(What to work on):
Return the material below exactly, but only from the line with "Some of the text" through the line with "this 1600×1200 image.", and without its pictures.

[Opening Data for analysis section]

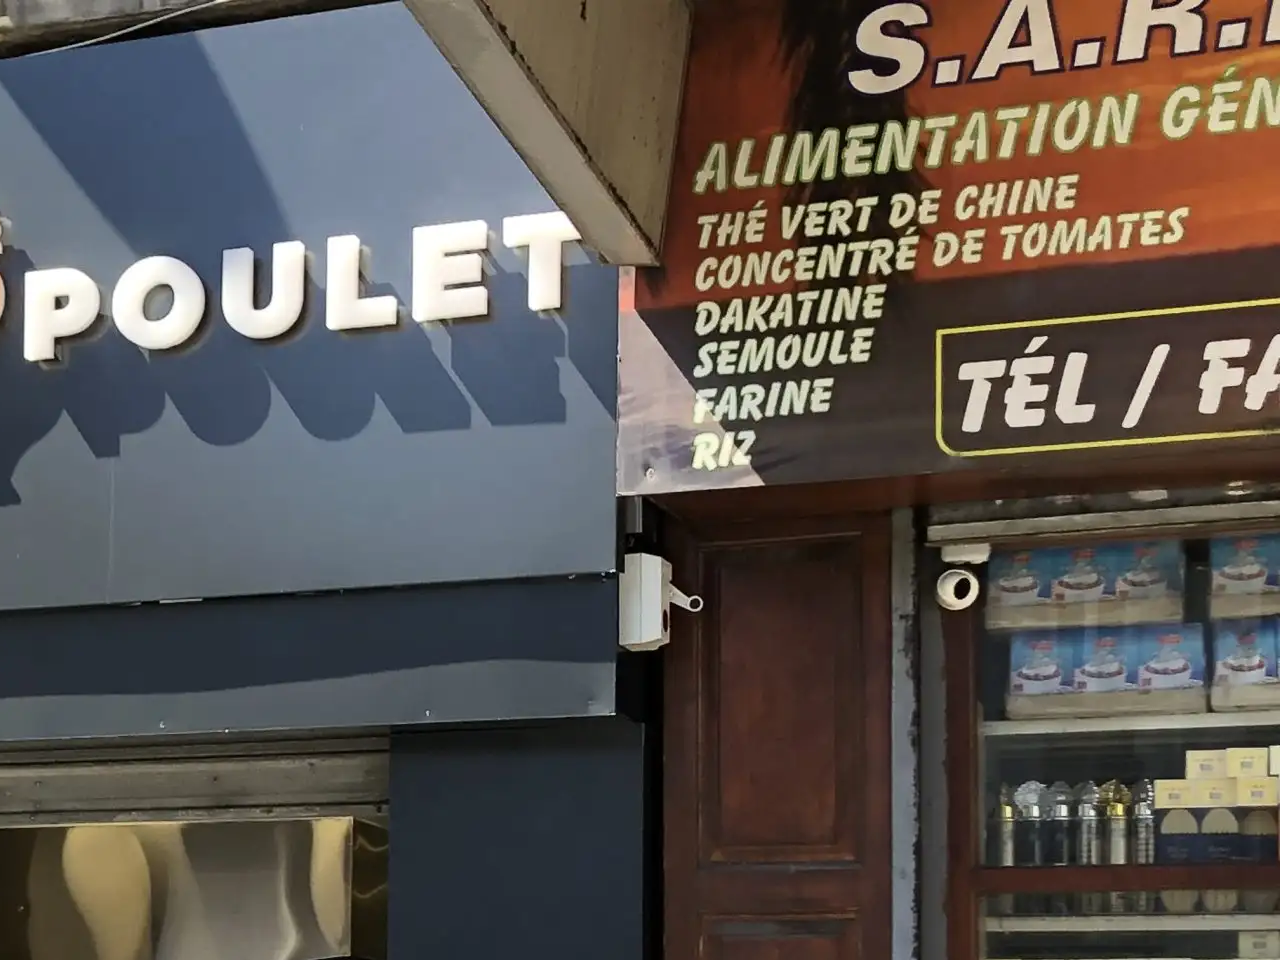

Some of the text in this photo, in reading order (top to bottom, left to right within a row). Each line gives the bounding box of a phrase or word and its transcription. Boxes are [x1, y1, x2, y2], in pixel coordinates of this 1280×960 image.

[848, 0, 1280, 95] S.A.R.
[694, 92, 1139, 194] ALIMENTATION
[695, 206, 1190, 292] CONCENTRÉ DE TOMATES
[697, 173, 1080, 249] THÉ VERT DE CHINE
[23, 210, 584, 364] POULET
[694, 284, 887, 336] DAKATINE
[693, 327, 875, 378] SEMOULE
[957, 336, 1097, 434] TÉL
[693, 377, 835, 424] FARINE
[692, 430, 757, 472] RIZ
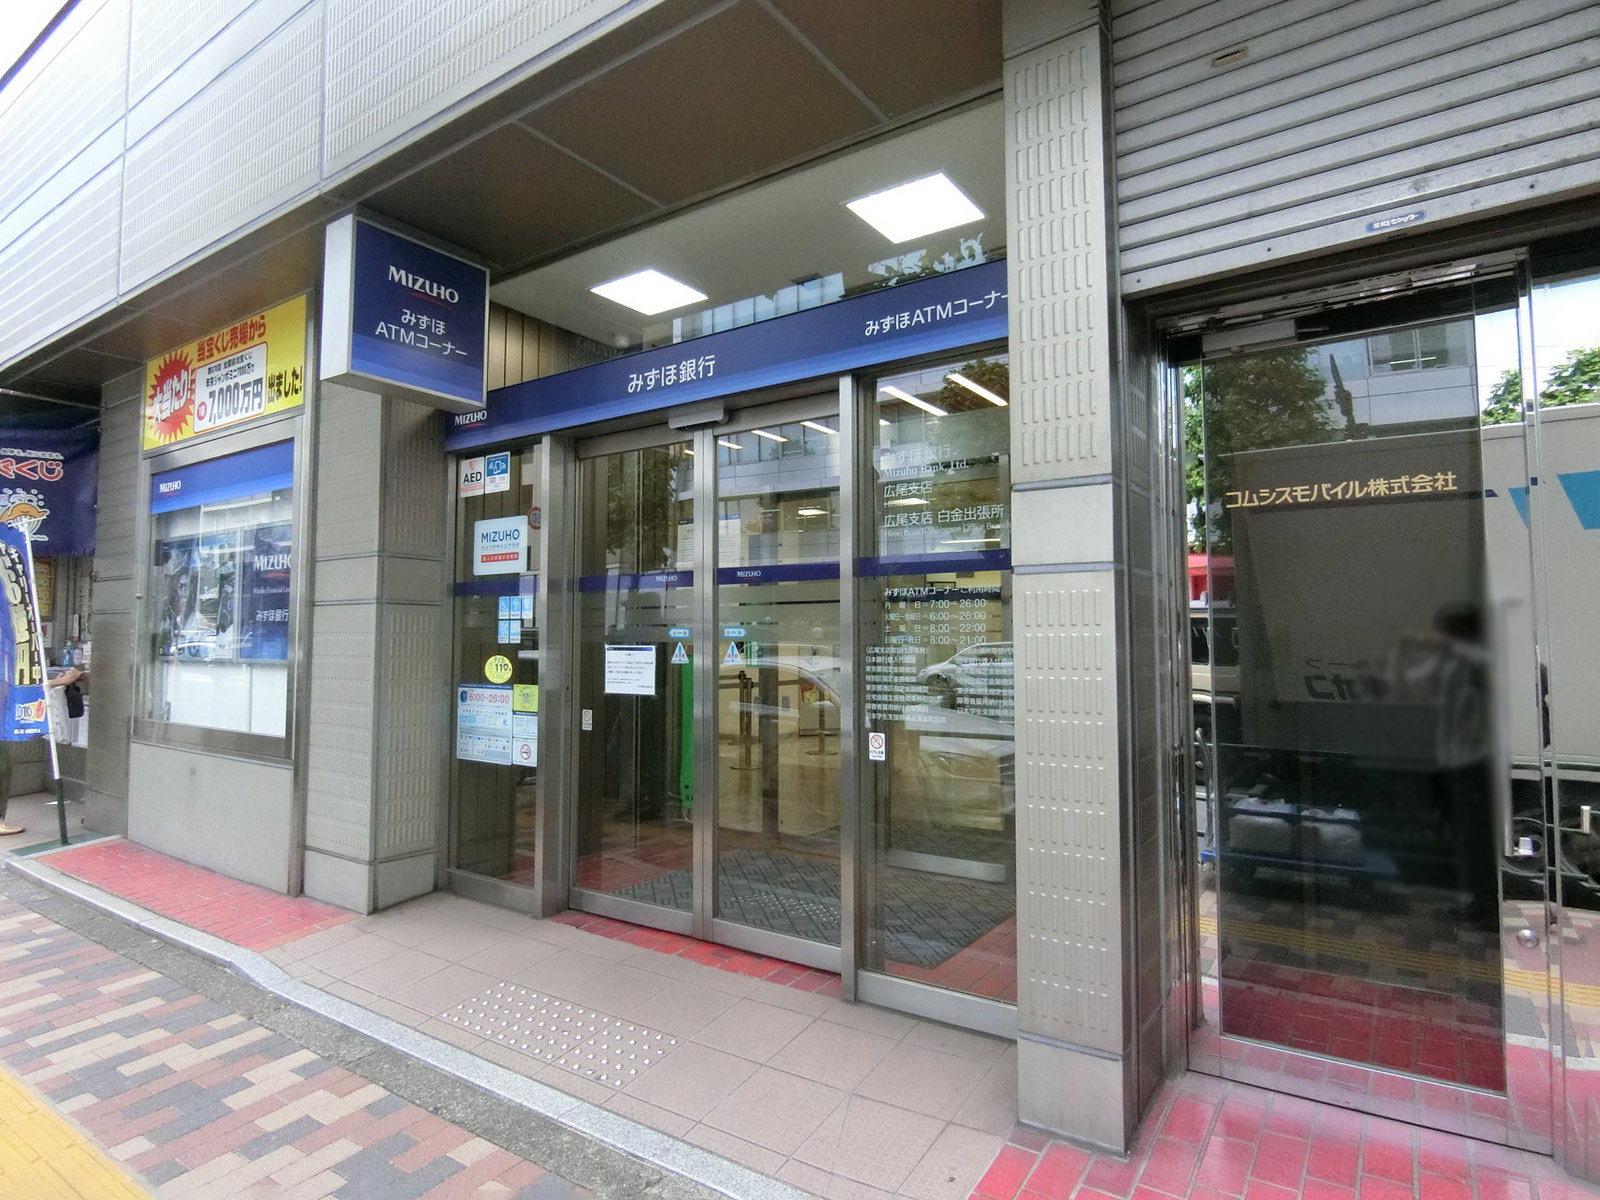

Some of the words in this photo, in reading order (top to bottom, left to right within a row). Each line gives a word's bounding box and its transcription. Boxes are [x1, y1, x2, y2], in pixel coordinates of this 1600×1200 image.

[Closing Data for analysis section]
[Opening Data for analysis section]

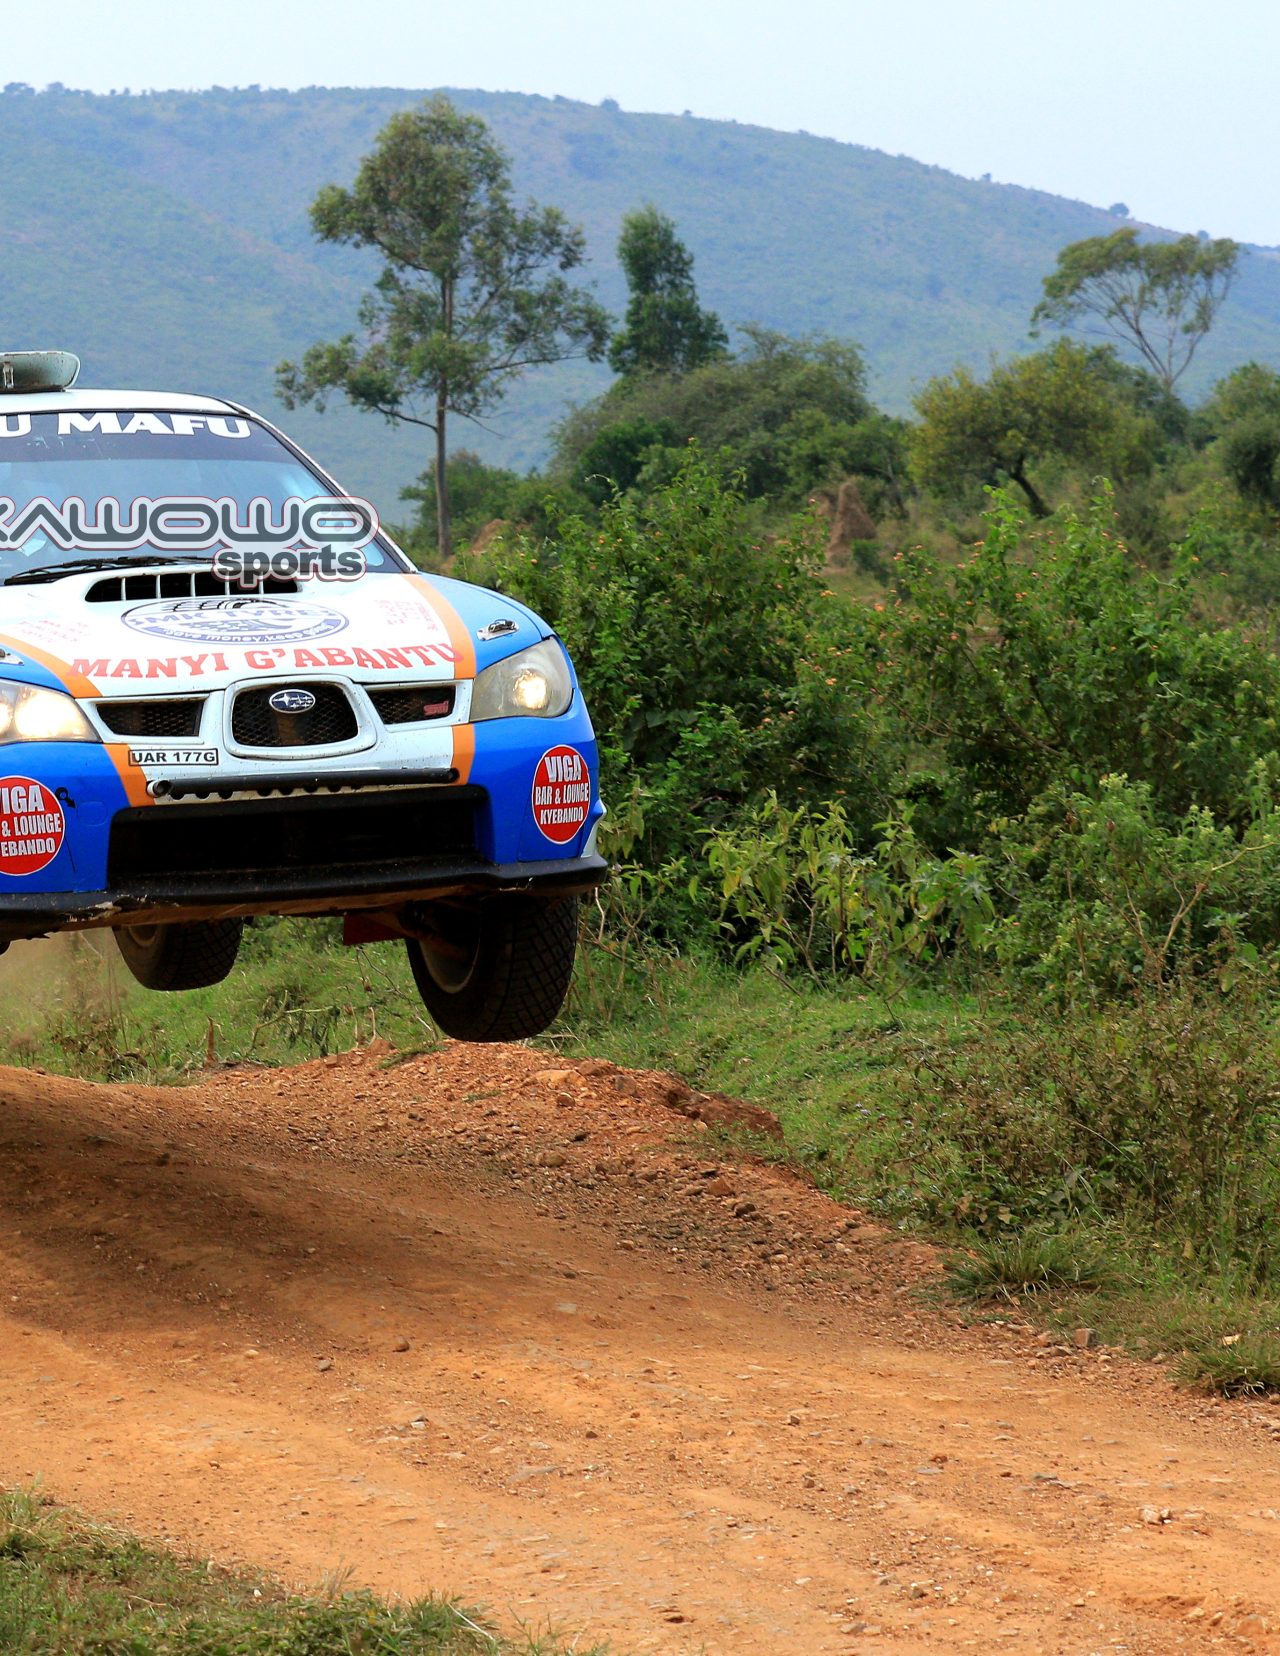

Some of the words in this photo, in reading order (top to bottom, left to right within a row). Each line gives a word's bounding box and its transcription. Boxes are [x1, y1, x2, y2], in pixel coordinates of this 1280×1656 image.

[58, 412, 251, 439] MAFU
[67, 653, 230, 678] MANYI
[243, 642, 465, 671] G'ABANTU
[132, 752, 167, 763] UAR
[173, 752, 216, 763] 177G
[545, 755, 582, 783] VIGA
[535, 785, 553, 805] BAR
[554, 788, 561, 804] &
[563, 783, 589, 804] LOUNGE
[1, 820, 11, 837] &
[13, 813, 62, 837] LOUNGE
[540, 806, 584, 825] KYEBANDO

[Closing Data for analysis section]

(Response):
Some of the text in this photo, in reading order (top to bottom, left to right within a row). Each line gives the bounding box of a phrase or word and its transcription. Boxes are [x1, y1, x2, y2], in pixel coordinates of this 1280×960 image.

[848, 0, 1280, 95] S.A.R.
[694, 92, 1139, 194] ALIMENTATION
[695, 206, 1190, 292] CONCENTRÉ DE TOMATES
[697, 173, 1080, 249] THÉ VERT DE CHINE
[23, 210, 584, 364] POULET
[694, 284, 887, 336] DAKATINE
[693, 327, 875, 378] SEMOULE
[957, 336, 1097, 434] TÉL
[693, 377, 835, 424] FARINE
[692, 430, 757, 472] RIZ

Some of the words in this photo, in reading order (top to bottom, left to right within a row). Each line gives a word's bounding box and its transcription. Boxes are [x1, y1, x2, y2], in pixel coordinates of this 1600×1200 image.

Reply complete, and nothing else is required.